Folha.com, 13/02/16
Desigualdade freia avanço dos EUA, afirma psicólogo
ELEONORA DE LUCENA
DE SÃO PAULO
Os Estados Unidos experimentaram um avanço excepcional entre o fim da Guerra Civil (1861-1865) e 1970. Inovações revolucionaram a forma de viver e políticas públicas criaram uma pujante sociedade de consumo de massas, com inclusão social.
Foi um feito único, sem paralelo na história mundial e não se repetirá.
Desde então, porém, o crescimento perdeu o ímpeto. A desigualdade astronômica freia o desenvolvimento. Há regressões, pioras em indicadores de qualidade de vida, empregos ruins, educação cambaleante, saúde cara e precária, pobreza crescente.

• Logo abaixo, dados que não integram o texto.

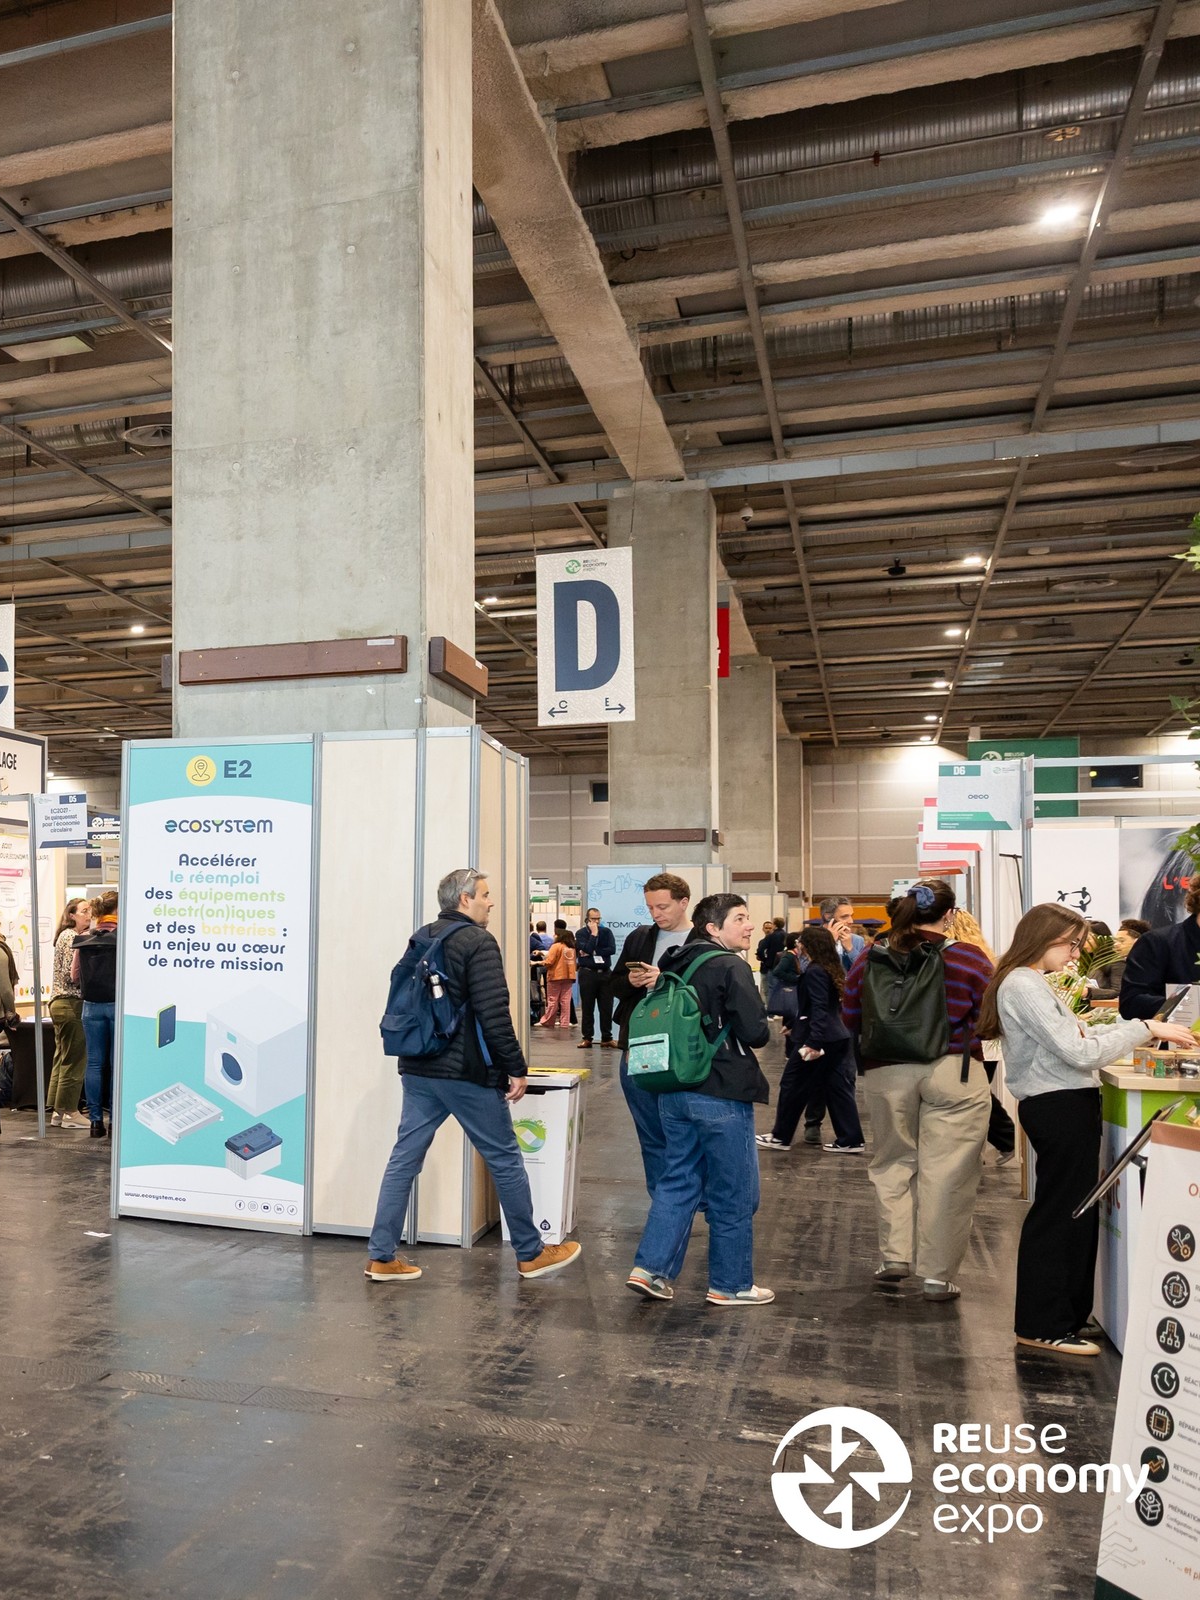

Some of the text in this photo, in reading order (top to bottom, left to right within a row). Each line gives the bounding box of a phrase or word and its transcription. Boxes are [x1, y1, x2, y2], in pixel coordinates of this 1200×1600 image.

[553, 579, 621, 692] D
[558, 700, 568, 709] C
[605, 698, 609, 706] E
[224, 760, 252, 778] E2
[953, 766, 966, 775] D6
[165, 819, 273, 834] ecosystem
[179, 854, 257, 867] Accélérer
[170, 871, 260, 887] le réemploi
[145, 888, 286, 905] des équipements
[153, 903, 276, 922] électr(on)iques
[146, 923, 162, 934] et
[167, 921, 196, 935] des
[202, 923, 277, 937] batteries
[143, 938, 286, 954] un enjeu au cœur
[148, 954, 284, 972] de notre mission
[125, 1192, 186, 1202] www.ecosystem.eco

Um exemplo: mulheres brancas sem diploma universitário perderam cinco anos na sua expectativa de vida entre 1990 e 2008 – um declínio comparável ao que viveram as russas quando acabou a União Soviética e o caos tomou conta do país. A mortalidade feminina cresce em mais de 40% dos distritos norte-americanos.

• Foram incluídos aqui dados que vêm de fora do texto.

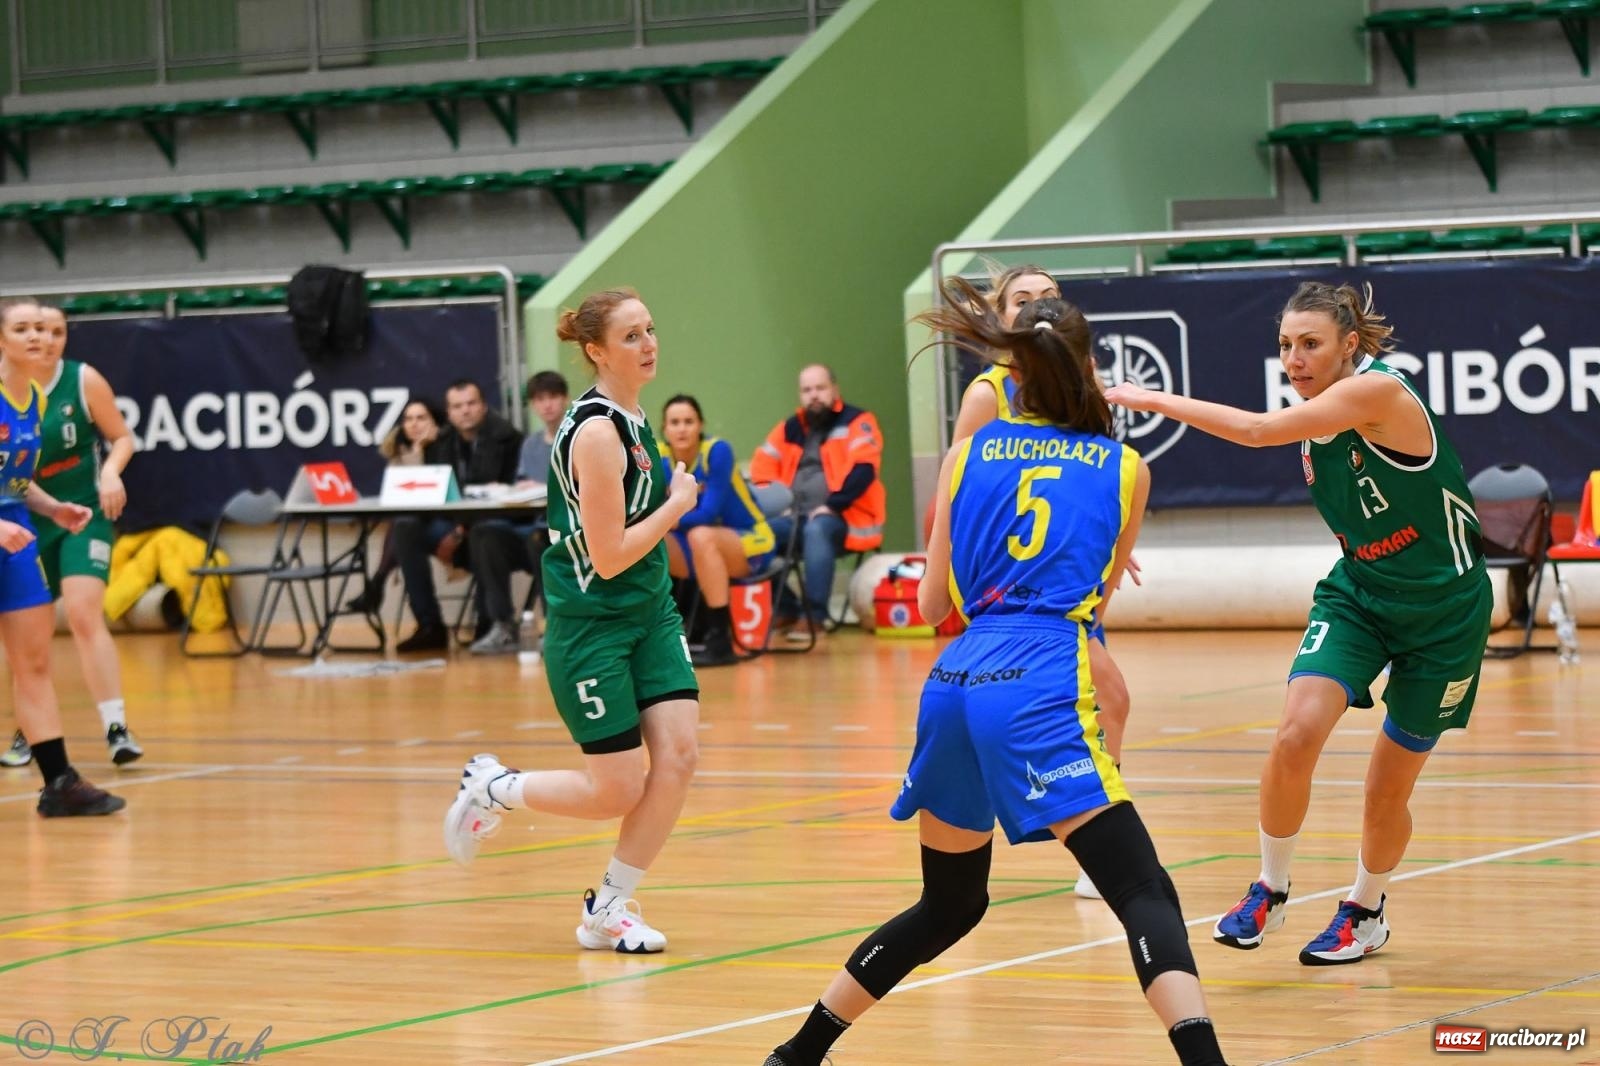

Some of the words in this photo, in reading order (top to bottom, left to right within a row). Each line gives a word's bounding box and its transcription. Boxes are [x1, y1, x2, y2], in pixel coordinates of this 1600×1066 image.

[62, 422, 77, 449] 9
[982, 437, 1111, 469] GŁUCHOŁAZY
[1007, 465, 1062, 561] 5
[739, 585, 763, 631] 5
[969, 667, 1027, 687] decor
[576, 678, 606, 719] 5
[1041, 759, 1092, 782] OPOLSKIE

Para enfrentar seus problemas, o país terá que reduzir as desigualdades: taxar os mais ricos, aumentar os salários, investir em políticas públicas e discutir temas como a legalização das drogas e o rígido sistema de encarceramento – que dilacera especialmente as famílias mais pobres.
É o que defende o sociólogo Robert J. Gordon em "The Rise and Fall of American Growth" [ascensão e queda do crescimento americano]. É um trabalho de muito fôlego, recheadíssimo de estatísticas, com referências culturais e sem medo de atacar ícones, como o das maravilhas da sociedade digital.

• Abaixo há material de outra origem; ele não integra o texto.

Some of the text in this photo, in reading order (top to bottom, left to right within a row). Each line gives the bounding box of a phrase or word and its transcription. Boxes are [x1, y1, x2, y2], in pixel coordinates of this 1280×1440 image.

Para ele, a chamada terceira revolução industrial, essa que trouxe os computadores, celulares e quejandos, tem importância menor do que a segunda. Essa, sim, desde o final do século 19, modificou definitivamente o modo de viver, com a eletricidade, água encanada, o automóvel, o telefone, o avião.
Apesar da avalanche cotidiana de novos produtos, a mudança que veio com a digitalização tem um ritmo mais lento, menos abrangente, mais concentrado em entretenimento e comunicação, defende o autor. "Queríamos carros voadores, mas, em vez disso, temos 140 caracteres" – já disse o empresário norte-americano Peter Thiel.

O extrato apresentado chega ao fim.